AIM OF THE EXERCISE: The records below are to be reproduced exactly, and no picture should appear in the copy.

Stored data entries:
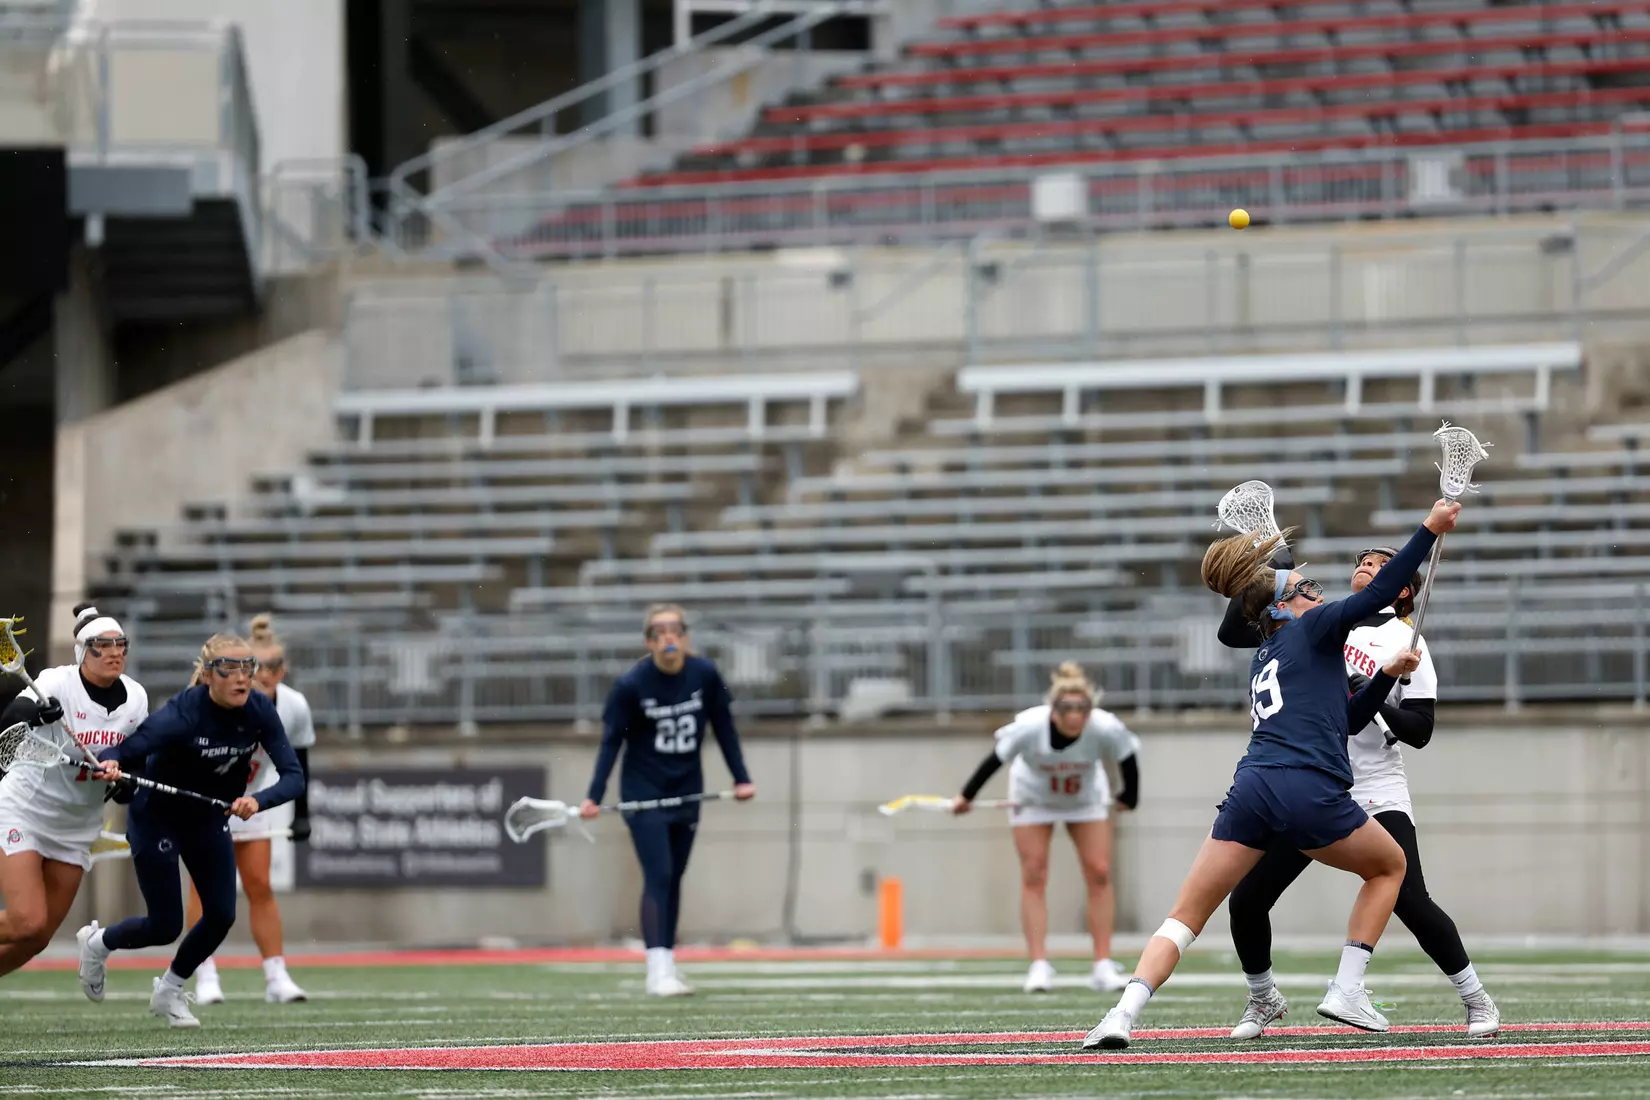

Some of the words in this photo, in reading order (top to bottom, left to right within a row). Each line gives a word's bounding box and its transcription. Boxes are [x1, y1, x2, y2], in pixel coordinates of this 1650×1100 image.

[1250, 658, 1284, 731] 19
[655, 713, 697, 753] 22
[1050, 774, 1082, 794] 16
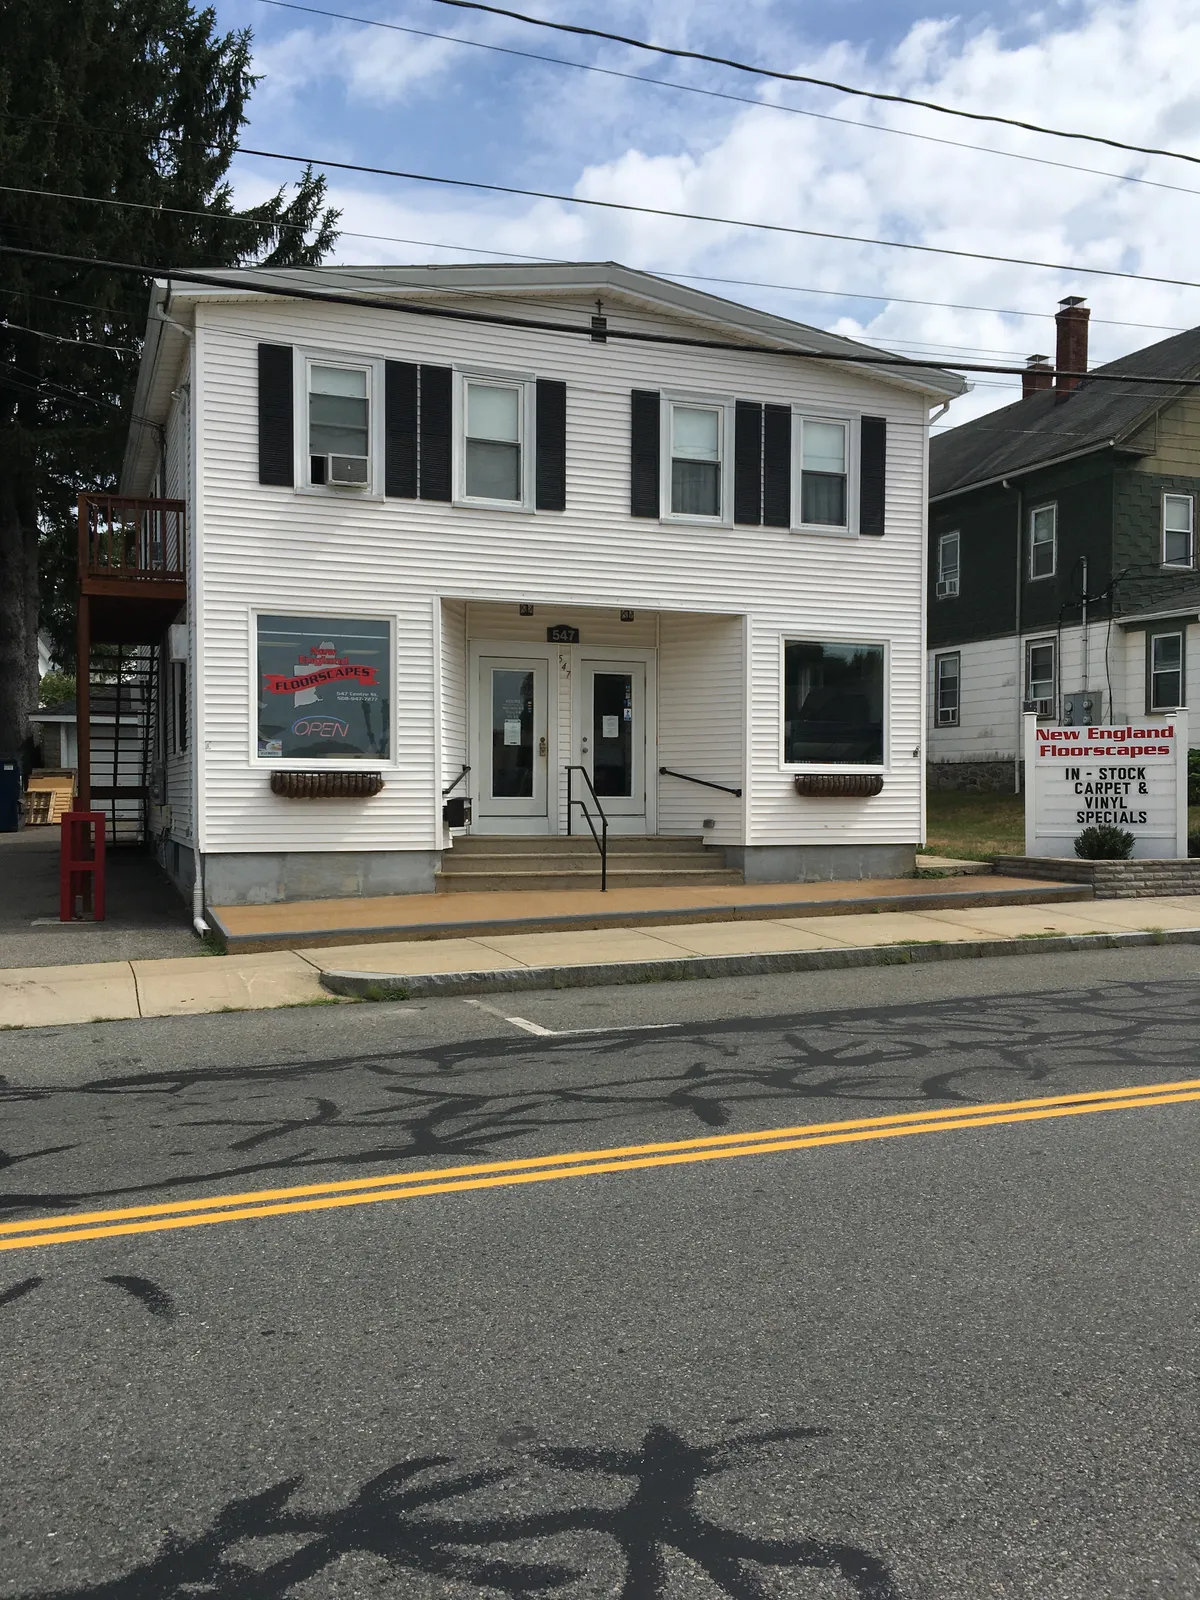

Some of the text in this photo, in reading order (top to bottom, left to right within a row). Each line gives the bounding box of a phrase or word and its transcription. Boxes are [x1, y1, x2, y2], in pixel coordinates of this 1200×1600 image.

RESPONSE AREA:
Some of the words in this photo, in reading order (top to bottom, left to right within a row). Each line gives a word's bounding box and its transcription. Boxes are [x1, y1, x2, y2], in pixel coordinates of this 1650×1100 image.

[1250, 658, 1284, 731] 19
[655, 713, 697, 753] 22
[1050, 774, 1082, 794] 16

Some of the text in this photo, in reading order (top to bottom, left to right within a row). Each line gives the bounding box of a phrase or word and its transcription. Boxes are [x1, y1, x2, y2], in pixel coordinates of this 1200×1600 image.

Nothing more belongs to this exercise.